Le processus de la recherche a également emprunté des fondements de la cocréation tels qu’ils sont définis par Rill et Hämäläinen (2018), en valorisant la mutualisation des expertises spécifiques d’une diversité d’acteurs mobilisés pour proposer ou identifier des solutions à une problématique. Ainsi, dans chacune des étapes de la recherche MNC, les équipes de cocréation, composées de chercheurs et chercheuses ainsi que de personnel enseignant du secondaire, ont travaillé conjointement. Elles ont partagé leurs recherches ainsi qu’un ensemble de ressources documentaires, technologiques, didactiques et humaines susceptibles de nourrir les projets et la réflexion. Ce processus a été permis par une dynamique d’échanges variée : des rencontres semestrielles avec l’ensemble des personnes participant au projet MNC; quelques rencontres transdisciplinaires (art et français); des rencontres de préparation et arrimage des contenus, puis de suivi de la progression du projet.

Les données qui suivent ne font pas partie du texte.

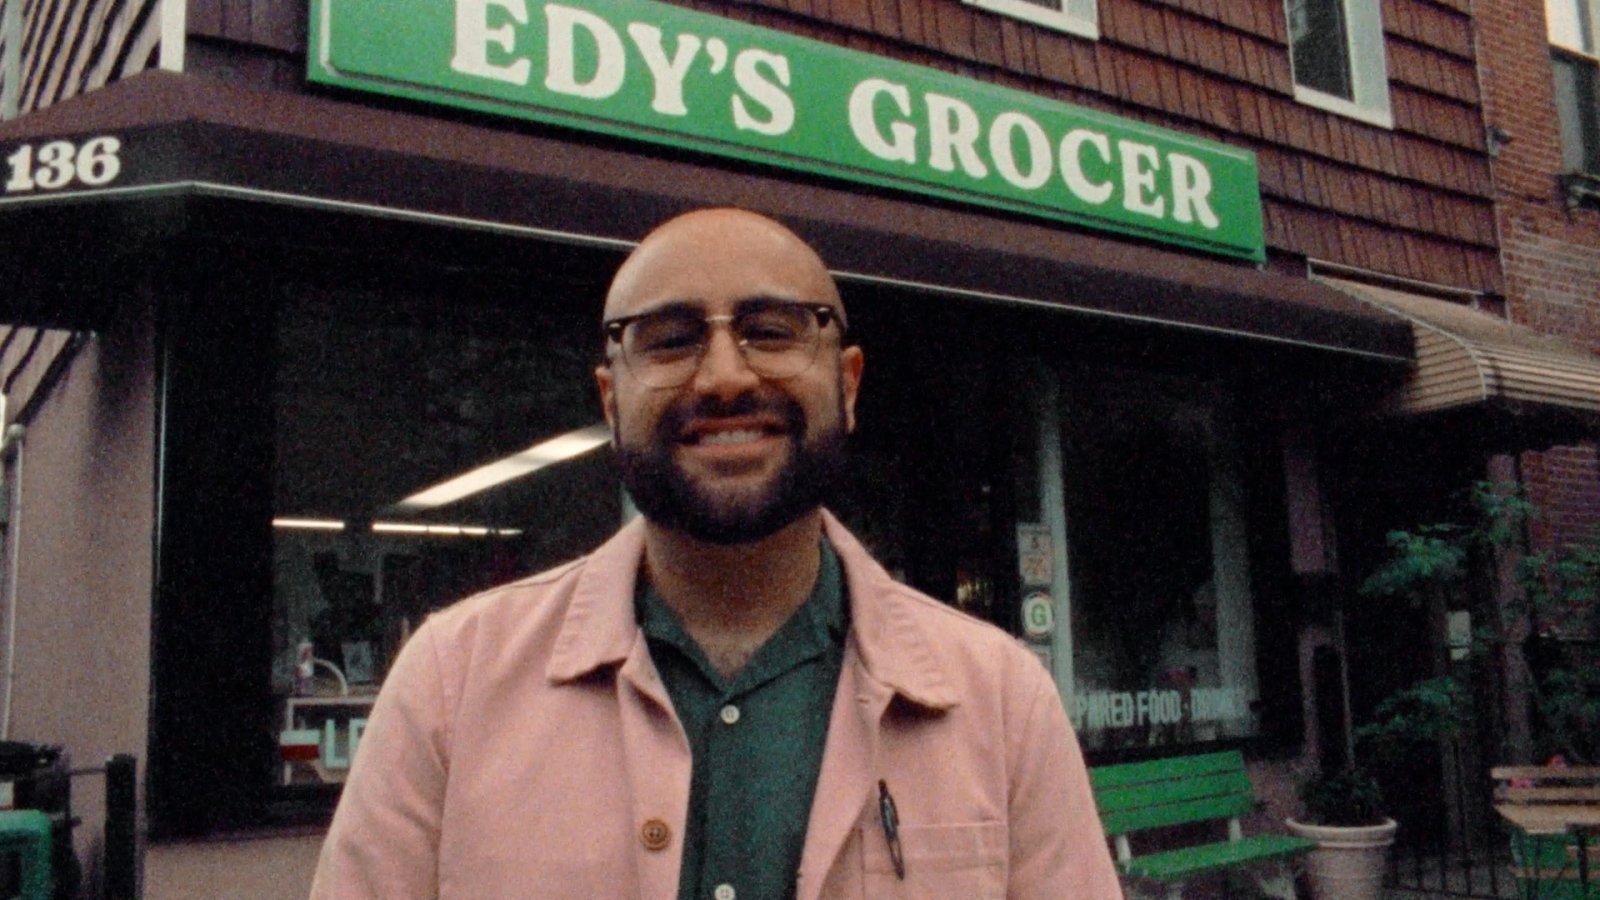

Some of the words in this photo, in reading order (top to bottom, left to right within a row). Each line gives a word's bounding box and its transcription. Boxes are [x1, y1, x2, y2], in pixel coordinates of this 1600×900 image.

L’intégralité du processus de cocréation a été documentée à l’aide de vidéos, de notes d’observation et de journaux de bord tenus par les membres de l’équipe. Les différents documents didactiques élaborés (séquences pédagogiques, ressources pédagogiques multimodales, travaux d’élèves, etc.) ainsi que des entretiens et des questionnaires portant sur les intentions pédagogiques et le ressenti concernant les étapes du projet complètent le corpus des données.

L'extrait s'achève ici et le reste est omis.